Saturday, October 30, 2010

Urgency

Trees mark the season.

The poplars on the hillside stand alone in their brightness, the oaks burning down to russet and sienna, and the rest dark in their bareness.

Autumn energizes us. We feel an urgency to accomplish what we can because time is short.

Wisdom comes from knowledge of mortality.

Motivation comes from death.



copyright 2010 J. O'Brien, all rights reserved

Friday, October 29, 2010

Big Events

Yesterday, midges hovered in the low beams of the setting sun.

Their revival for a few warms days is noteworthy.

This morning, snow birds arrived.

Slate-colored juncos, down from the arctic circle.

The first snow won't be far behind. It never is.

This evening, reading the day's news, I think snow birds pecking at cracked corn under the feeder is the really big event.



copyright 2010 J. O'Brien, all rights reserved

Wednesday, October 27, 2010

Reduction

The hill is in the trees.

Rain has thinned the crowns so we can see it.

Shade lies covered on the ground.

Migrating birds arrive in waves, seen a day or two and gone again. Robins, white-throated sparrows, their offspring with them.
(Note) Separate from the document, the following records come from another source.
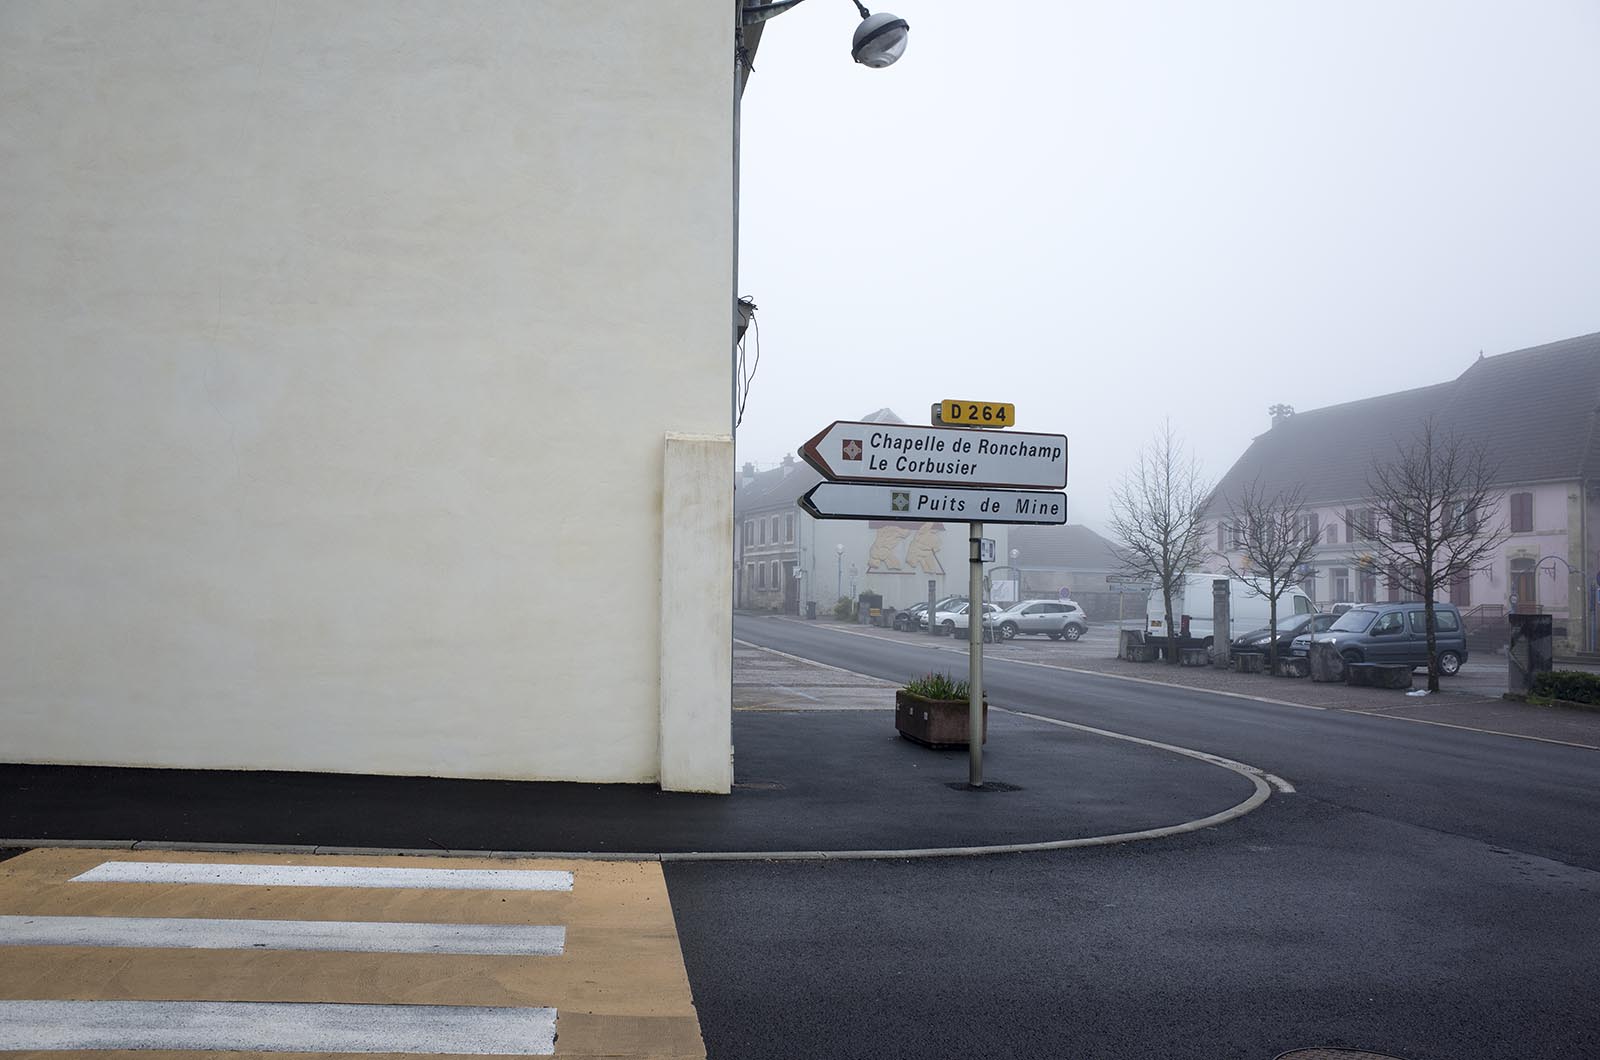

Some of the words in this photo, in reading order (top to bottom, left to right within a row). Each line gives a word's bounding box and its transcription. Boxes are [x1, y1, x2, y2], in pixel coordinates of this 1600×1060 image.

[952, 404, 961, 419] D
[968, 405, 1007, 422] 264
[870, 432, 946, 454] Chapelle
[952, 437, 971, 453] de
[978, 439, 1062, 462] Ronchamp
[869, 454, 888, 471] Le
[896, 456, 977, 475] Corbusier
[917, 495, 966, 512] Puits
[980, 497, 1001, 513] de
[1016, 498, 1059, 515] Mine
Hear the wind's purer song.

The year gets down to basics.



copyright 2010 J.O'Brien, all rights reserved

Tuesday, October 26, 2010

Serenata

It's nothing, really,

A knot just here, an aging man

Free to walk the fields at night

And practice self-delusion;

It's of little moment, the moon

A hole above the trees,

Briars clawing sleeves

Bloodthirsty and roaring,

Screech owls serenading voles,

Dogs in tremolo on chains,

Eruptions in the joints, well,

I'm fine, old friend, and you?



copyright 2010 J. O'Brien, all rights reserved

Monday, October 25, 2010

Major College

A plain of tailgaters as seen from Heinz Field looking toward PNC Park.
Red Lot 7A
 Red Lot 7A is a triangular patch of asphalt under the highway and against a shale cliff. Small in comparison to the plain of parking lots that connects the two professional sports stadiums on Pitsburgh's North Shore, 7A feels like a private club. Food on folding tables, full bars in the open backs of SUVs, chatter and laughter under the overpass, it feels collegial, like the best days of our youth when we celebrated Home-Game-Saturday-mornings in the fraternity house before walking en masse under our greek banner down Bayard Street and up Cardiac Hill to the game.
At least we think that's what we did.

That was so long ago we wore sports coats and ties.
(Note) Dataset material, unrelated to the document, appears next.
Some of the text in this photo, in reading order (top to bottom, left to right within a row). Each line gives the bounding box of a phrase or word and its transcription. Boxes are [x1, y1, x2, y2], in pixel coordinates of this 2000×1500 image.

That was when we cared about fitting in.

Now we like to think we are wiser and stand less on pretense. 

 And in that we are still conforming.

Friday, October 22, 2010

Husbandry of Hours

























The day is our journey, the hour our moment.

Let us tend to them.

If we are hopeful and high-minded in our travels between fire and ice, disappointment seems inevitable.

But if we fill the hour as Emerson advised, leaving no crevice for a repentance or an approval, that is happiness.
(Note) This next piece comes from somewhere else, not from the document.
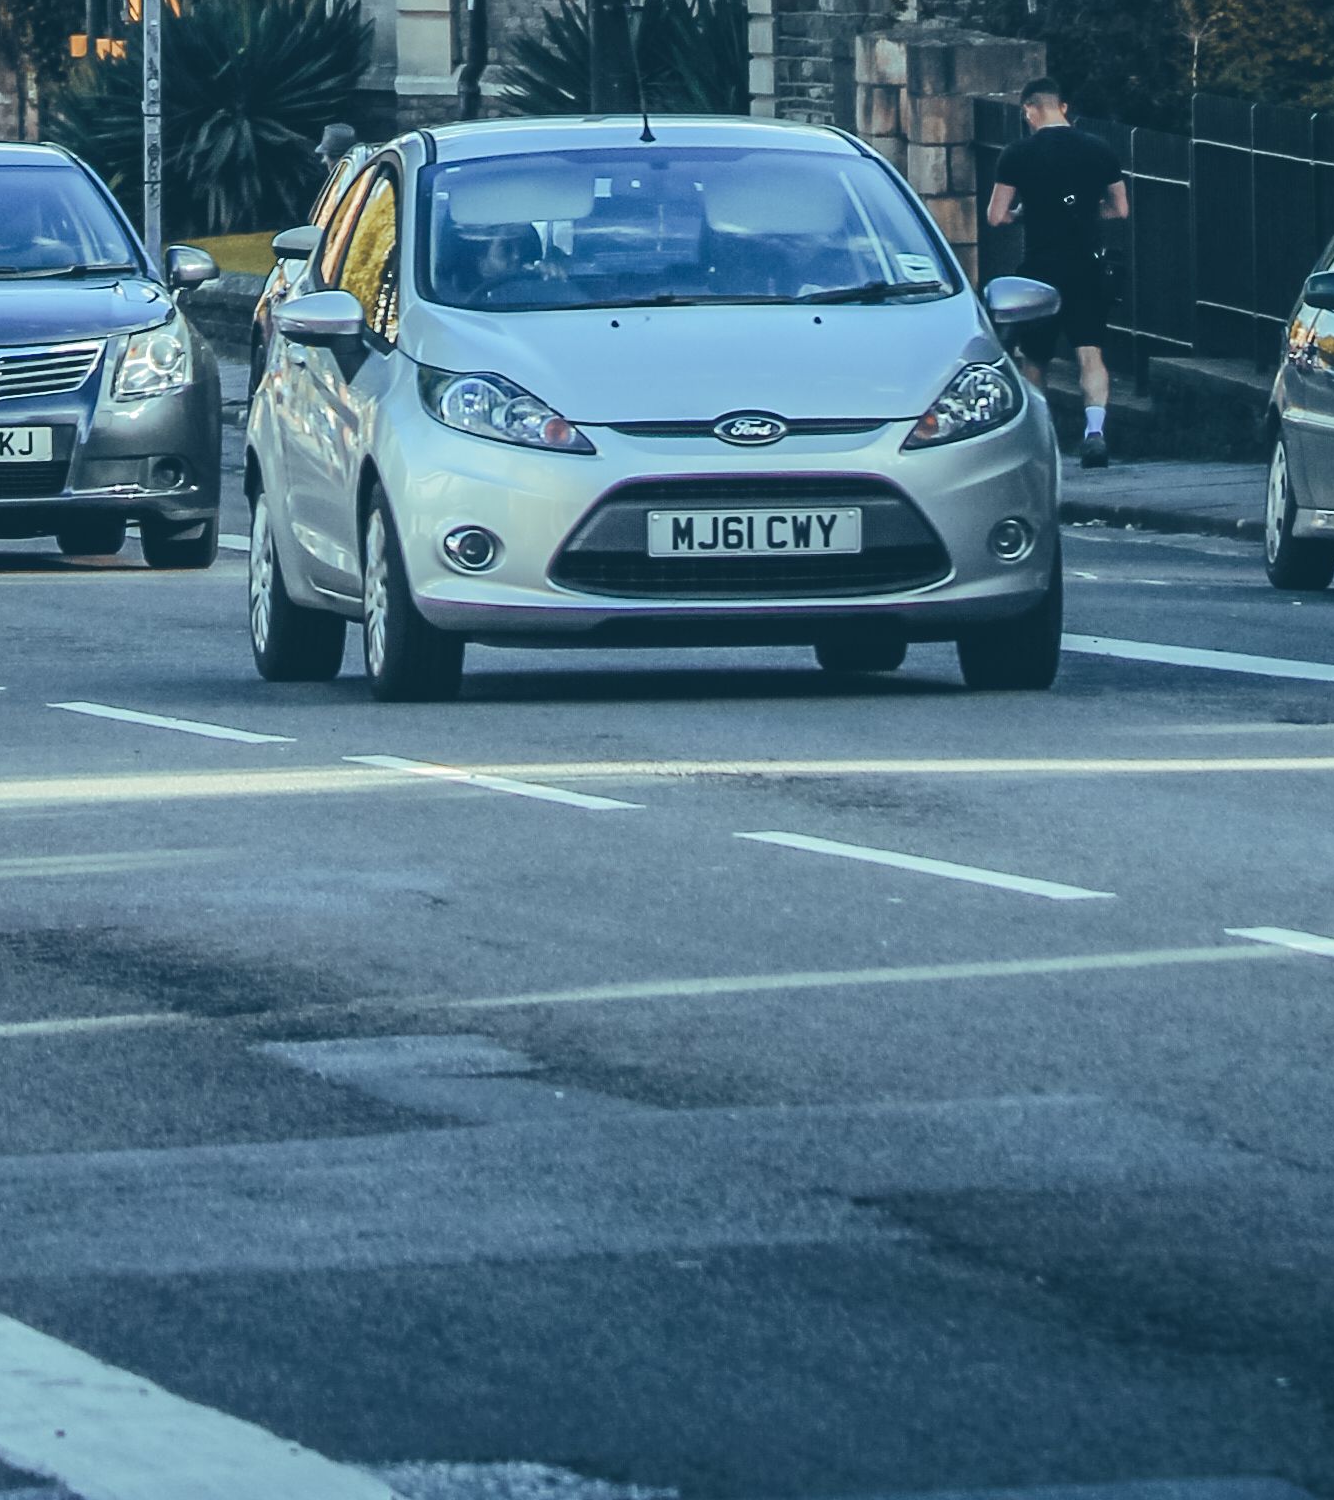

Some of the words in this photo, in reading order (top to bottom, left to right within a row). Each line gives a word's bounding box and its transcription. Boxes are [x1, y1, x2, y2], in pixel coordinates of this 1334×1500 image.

[730, 418, 772, 436] Ford
[672, 515, 754, 550] MJ61
[766, 514, 837, 549] CWY
Maybe then, in our autumn, we will, like Emerson, find within, not wrinkles & used heart, but unspent youth.



copyright 2010 J. O'Brien, all rights reserved







Thursday, October 21, 2010

10 Days Difference



More sky, and more to come, until the blue presses down
from rim to rim, and clouds scrape the ground, and the woods
is a deeper, wilder place where the wind runs free
and sounds like a warning, saying she, saying she.



copyright 2010 J. O'Brien, all rights reserved

Wednesday, October 20, 2010

First Freeze

First freeze purifies the morning.

Decline's rough beauty stops us in the field.

We love subtlety and depth, an acquired taste, we like to think, requiring time and work.

In this late quarter, focus on the effervescence of leaves in wind and light.

May memory serve when senses dull.


copyright 2010 J. O'Brien, all rights reserved

Monday, October 18, 2010

Dark Fire









Moon passes

Thorn to Pine,

Stars through Smoke,

The Faces Lost.






copyright 2010 J. O'Brien, all rights reserved

Saturday, October 16, 2010

Stems

Country roads busy with cars from the faubourg.

Driving and looking, sometimes disembarking to point their digital cameras and even walk a few hundred feet on the walkways, shoes muddy only by accident.

One place is the way to see, still in the wind, each tree giving its all to regeneration.

Thursday, October 14, 2010

Woodland People

























(with lines from John Ashbery's "Some Trees")

Woodland people,

Spirits raised amidst the trees,

Force of one place,

Strength of silence,

Each leaf afloat

Adding a bit of heaven,

You and I suddenly


What the trees try to tell us


We are: that their being here


Means something; that soon we may


Touch, love, explain.


copyright 2010 J. O'Brien, all rights reserved

Wednesday, October 13, 2010

Billion


In a world of increase, the numbers rise.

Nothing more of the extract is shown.